TRY IT: Write out the data word for word, taking care that no picture is carried over.

Image-backed grounding data:
▼▼▼
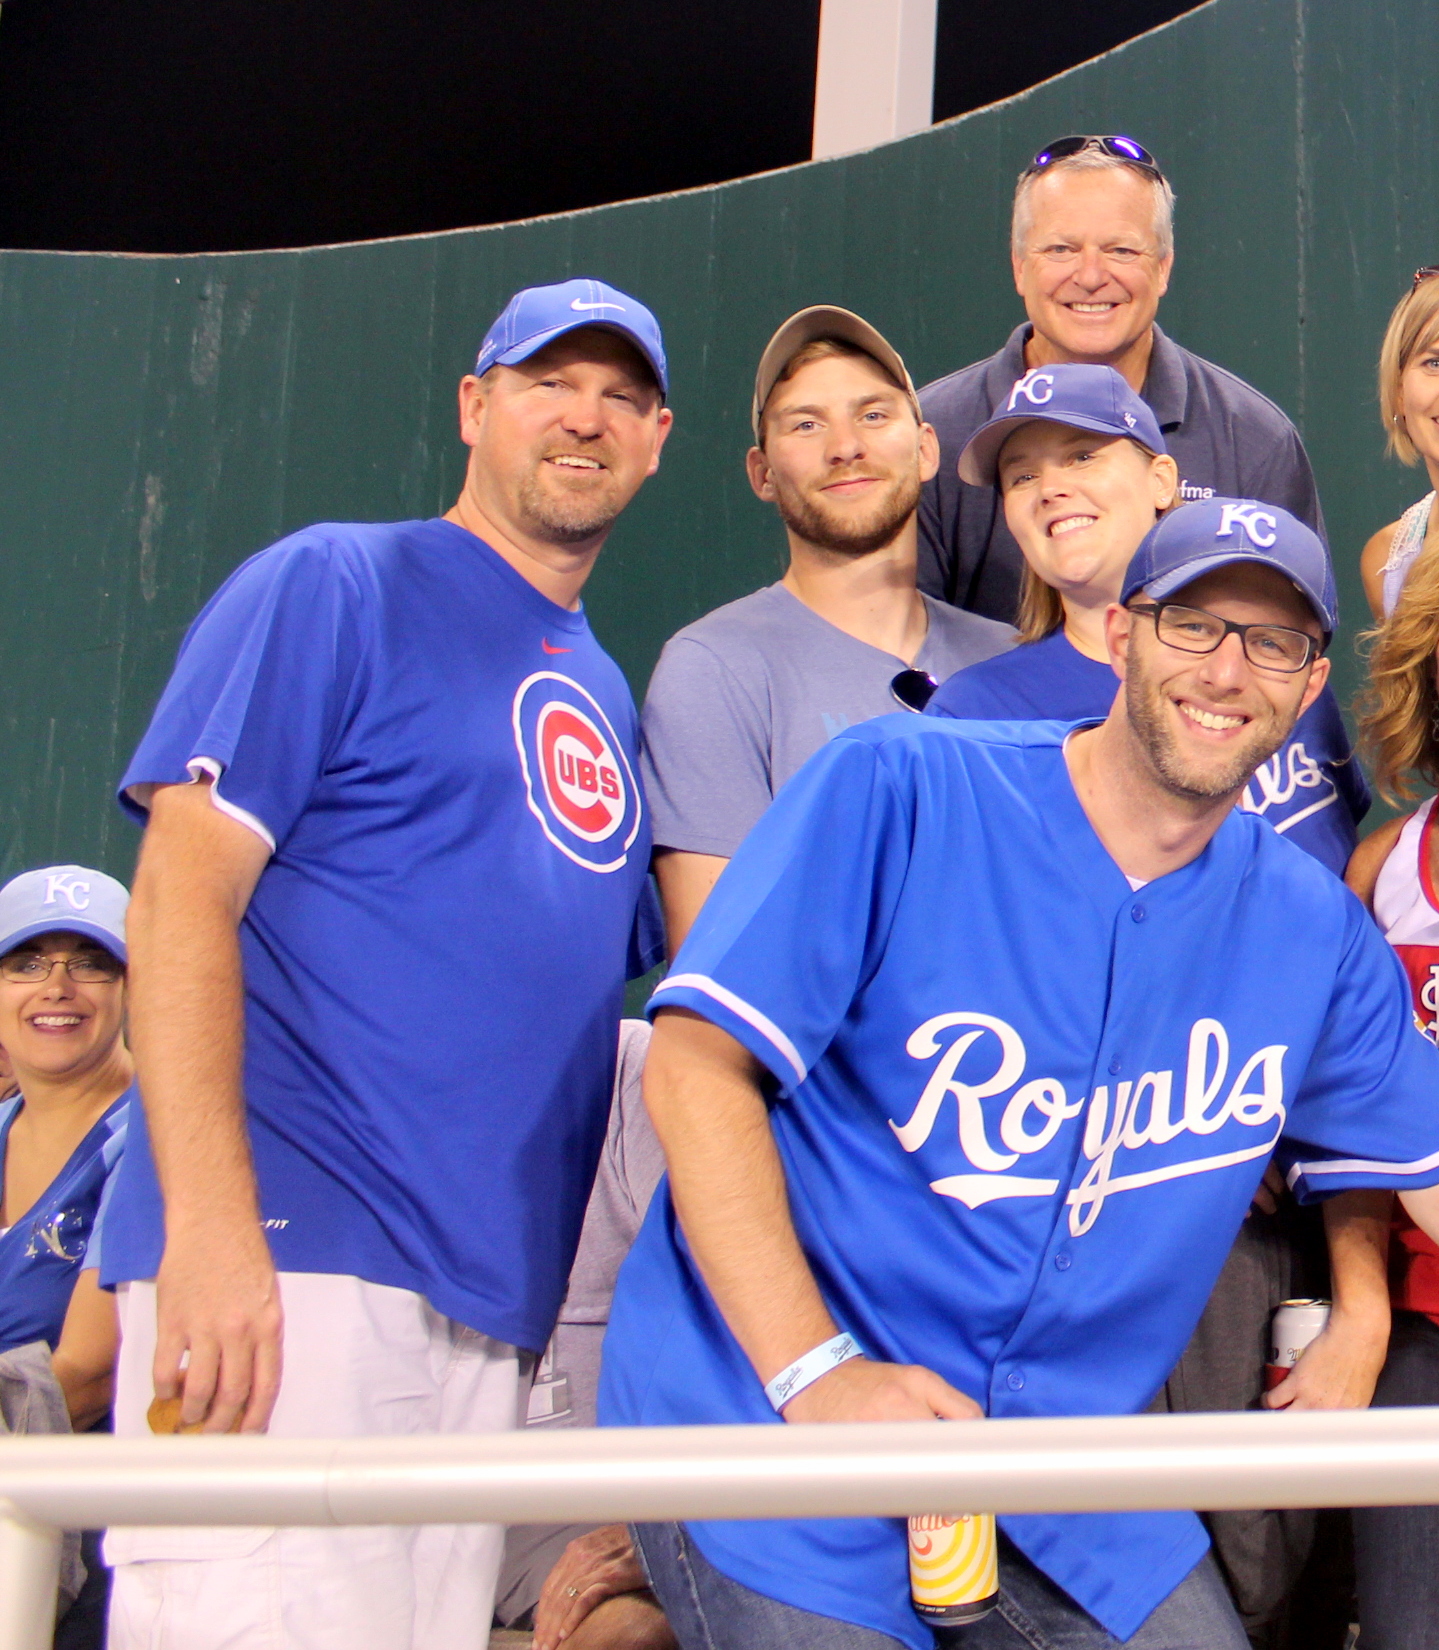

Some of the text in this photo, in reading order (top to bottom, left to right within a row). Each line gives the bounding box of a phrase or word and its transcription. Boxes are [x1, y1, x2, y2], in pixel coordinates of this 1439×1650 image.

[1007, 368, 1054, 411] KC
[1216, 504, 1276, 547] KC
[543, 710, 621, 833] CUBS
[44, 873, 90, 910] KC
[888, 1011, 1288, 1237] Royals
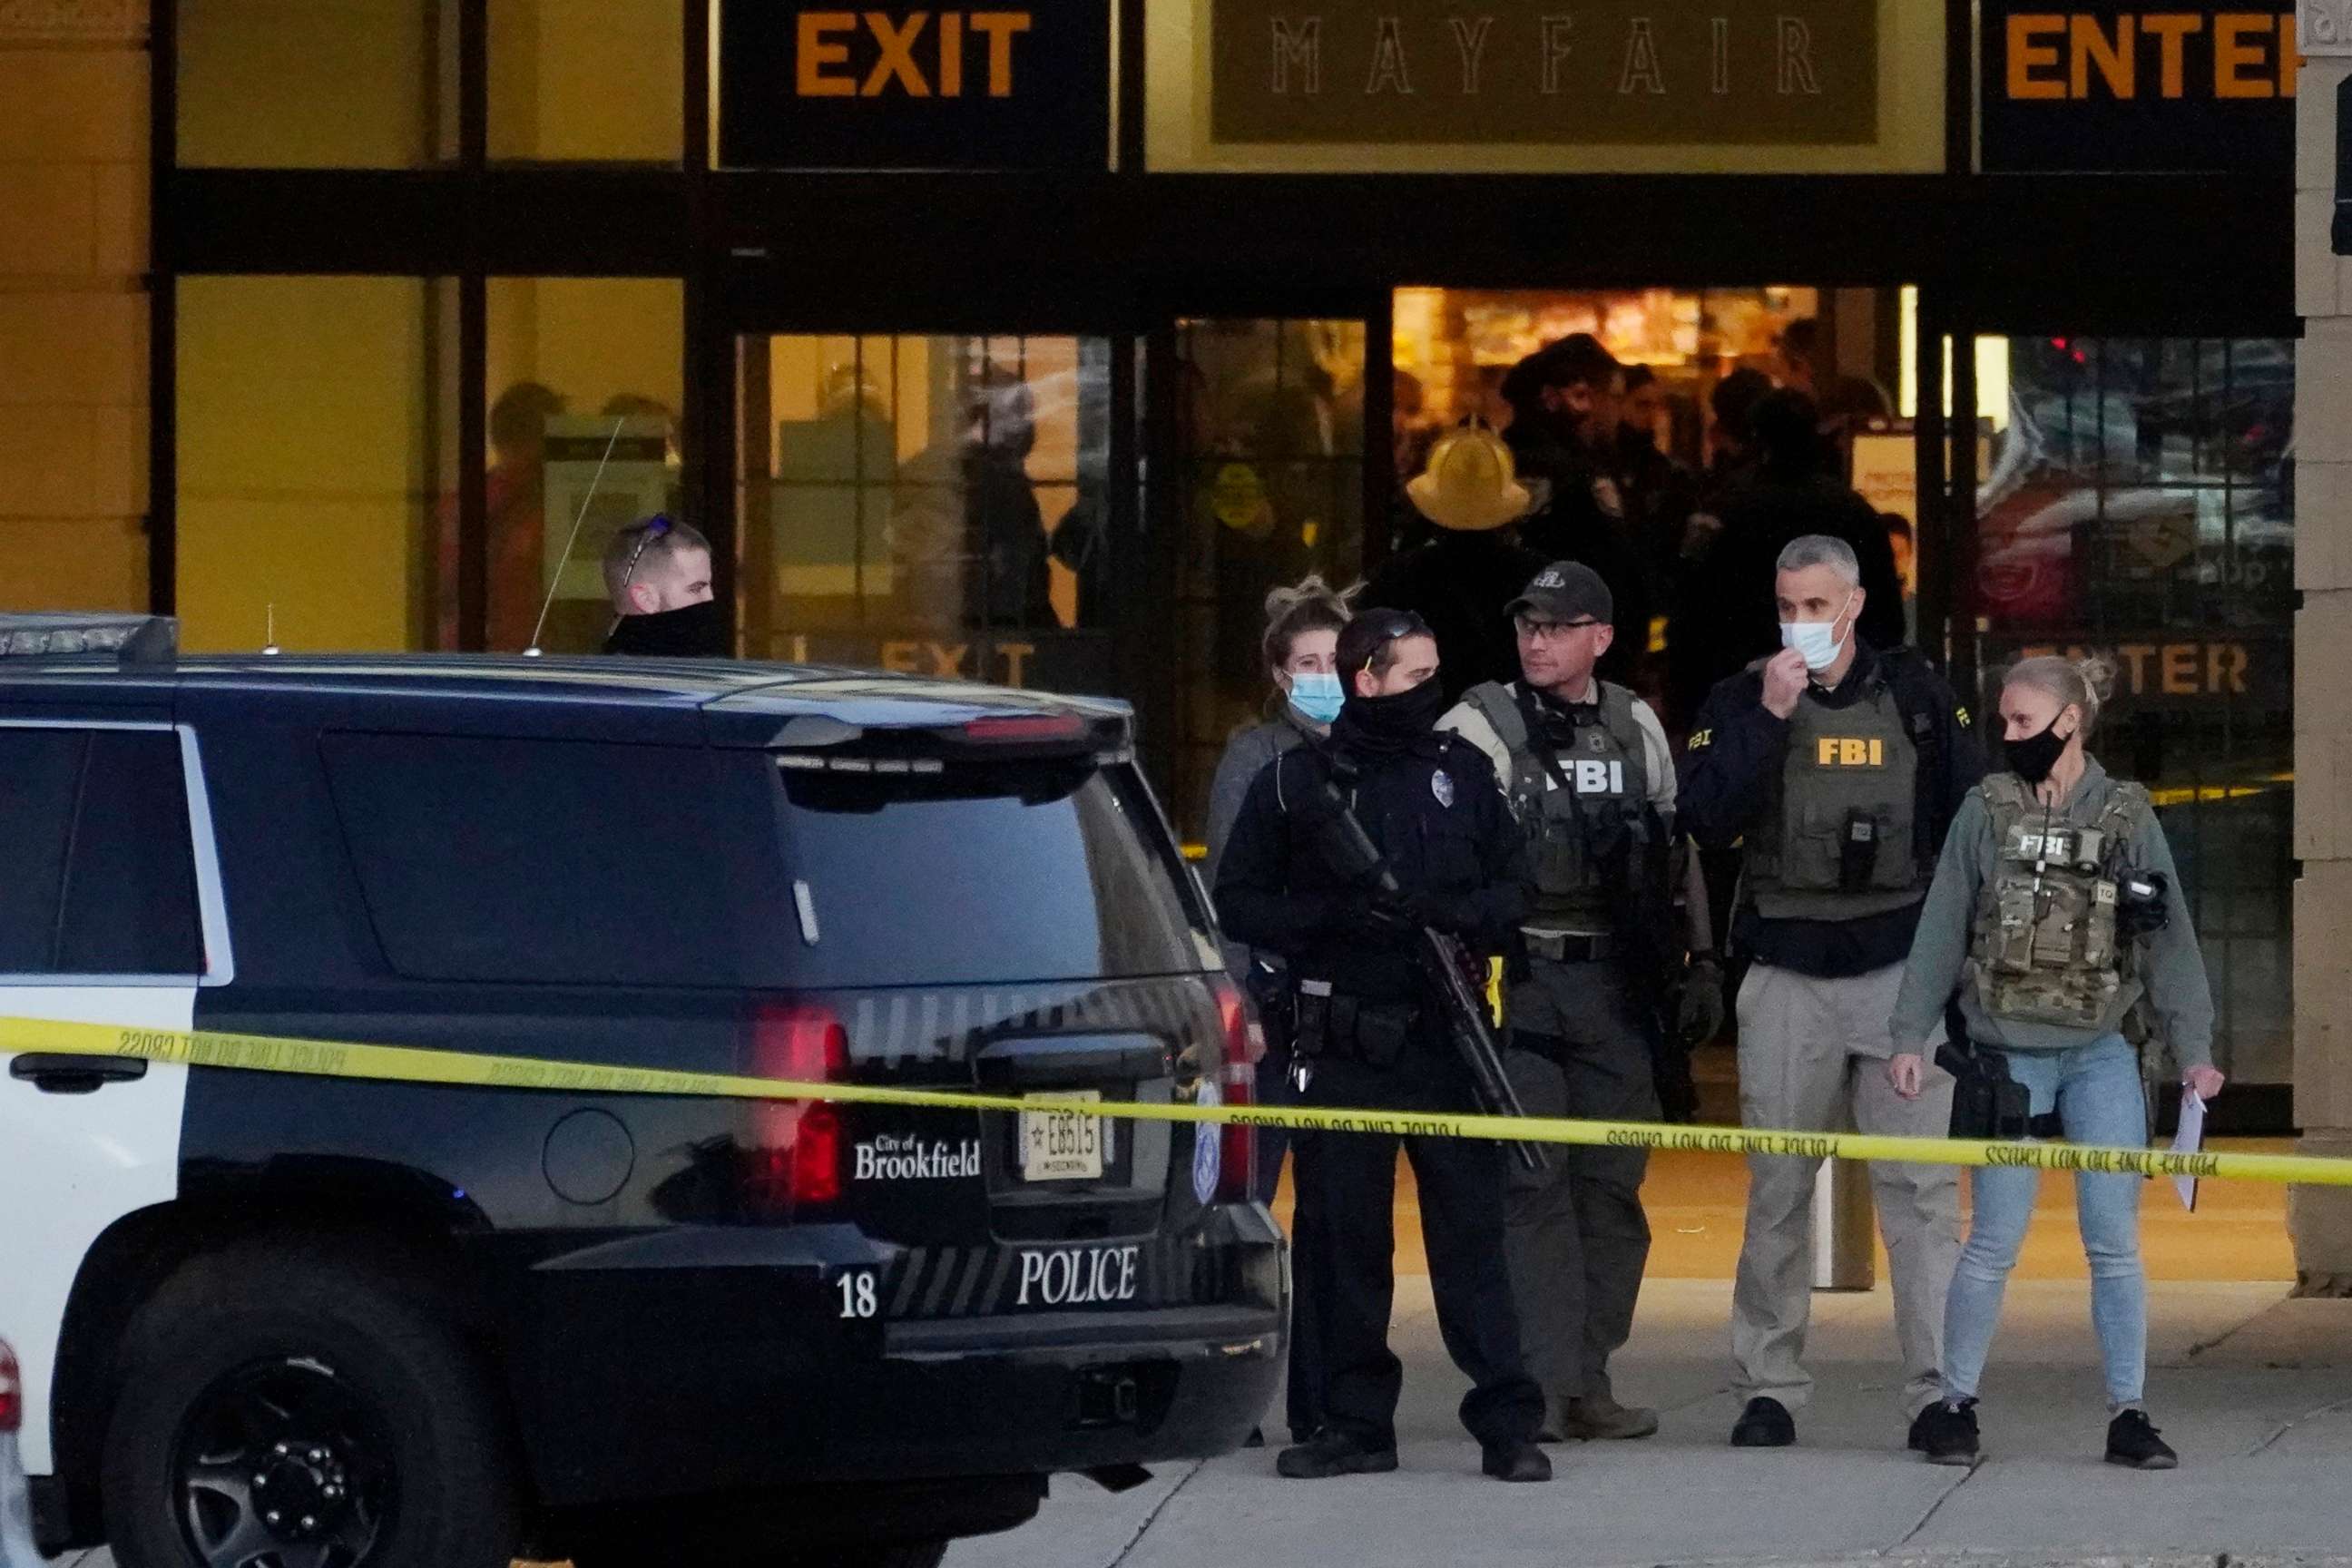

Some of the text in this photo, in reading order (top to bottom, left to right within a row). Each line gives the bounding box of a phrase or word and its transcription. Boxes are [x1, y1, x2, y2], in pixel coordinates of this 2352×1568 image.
▲▲▲
ANSWER SPACE:
Some of the text in this photo, in reading order (top to bottom, left to right within a row). Each line gives the bounding box of a phrase or word and its transcription. Boxes are [x1, y1, x2, y2], in pixel coordinates of this 1439×1650 image.

[1007, 368, 1054, 411] KC
[1216, 504, 1276, 547] KC
[543, 710, 621, 833] CUBS
[44, 873, 90, 910] KC
[888, 1011, 1288, 1237] Royals

Some of the text in this photo, in reading order (top to bottom, left to right within a row). Each line gives the bounding box of a phrase or word and its transcription. Boxes are [x1, y1, x2, y2], in pixel coordinates of this 2352×1568 image.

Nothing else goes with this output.